#### [WHAT YOU HAVE TO DO]
Would you restate every entry that follows, word for word, and leave out the pictures?

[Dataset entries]
--- START ---

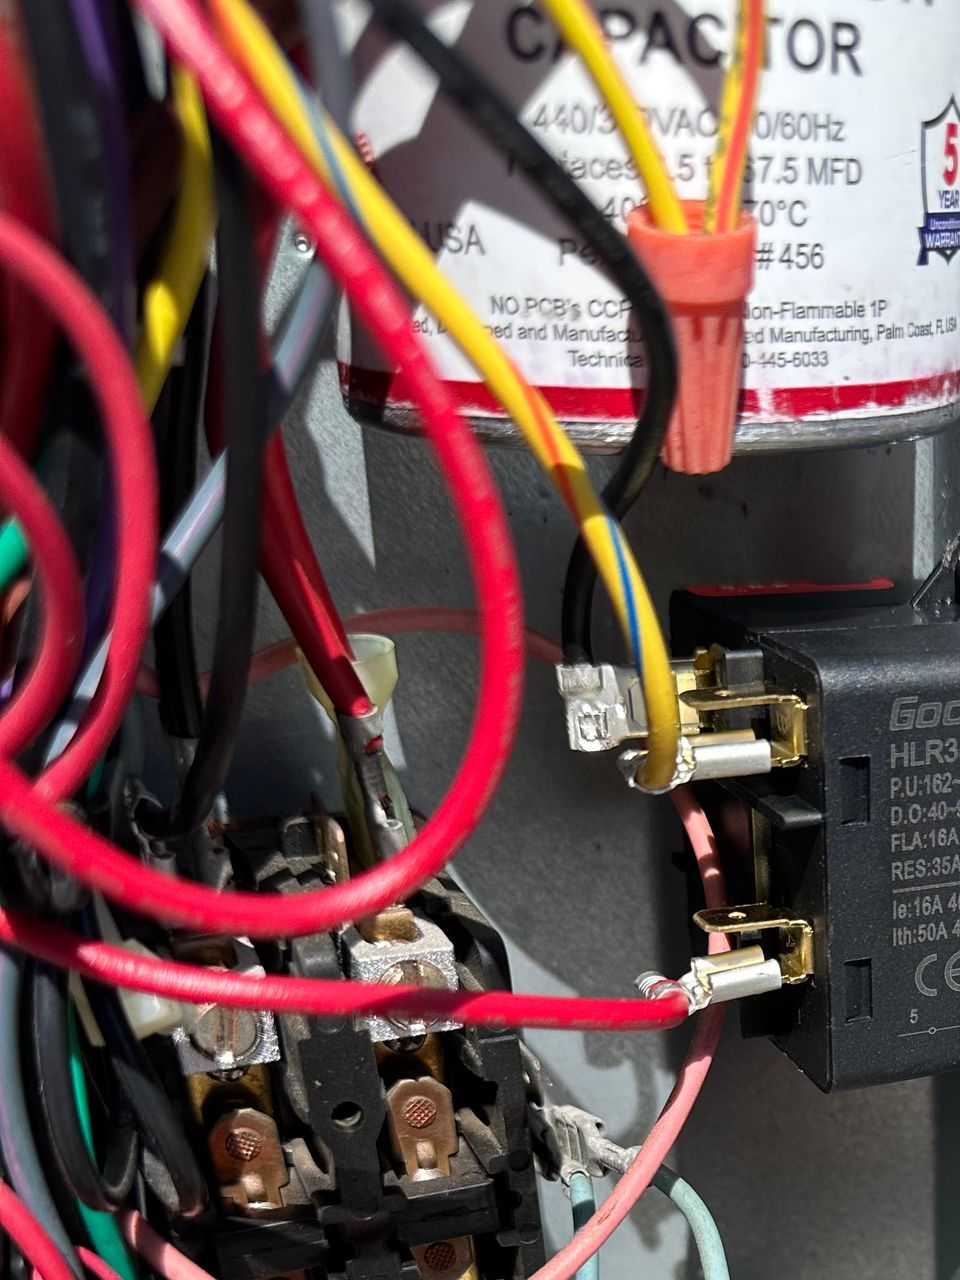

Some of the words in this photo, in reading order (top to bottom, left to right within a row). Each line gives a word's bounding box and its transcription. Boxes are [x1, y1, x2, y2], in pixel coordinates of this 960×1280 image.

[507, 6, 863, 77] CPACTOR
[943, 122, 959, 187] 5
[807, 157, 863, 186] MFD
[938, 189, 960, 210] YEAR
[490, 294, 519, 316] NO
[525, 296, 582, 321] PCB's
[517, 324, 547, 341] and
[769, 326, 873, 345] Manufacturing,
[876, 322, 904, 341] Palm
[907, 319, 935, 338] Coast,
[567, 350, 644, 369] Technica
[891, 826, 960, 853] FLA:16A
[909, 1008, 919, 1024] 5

--- END ---

#### [ANSWER FOR THIS EXERCISE]
Some of the words in this photo, in reading order (top to bottom, left to right within a row). Each line gives a word's bounding box and its transcription. Boxes are [x1, y1, x2, y2], in pixel coordinates of this 960×1280 image.

[507, 6, 863, 77] CPACTOR
[943, 122, 959, 187] 5
[807, 157, 863, 186] MFD
[938, 189, 960, 210] YEAR
[490, 294, 519, 316] NO
[525, 296, 582, 321] PCB's
[517, 324, 547, 341] and
[769, 326, 873, 345] Manufacturing,
[876, 322, 904, 341] Palm
[907, 319, 935, 338] Coast,
[567, 350, 644, 369] Technica
[891, 826, 960, 853] FLA:16A
[909, 1008, 919, 1024] 5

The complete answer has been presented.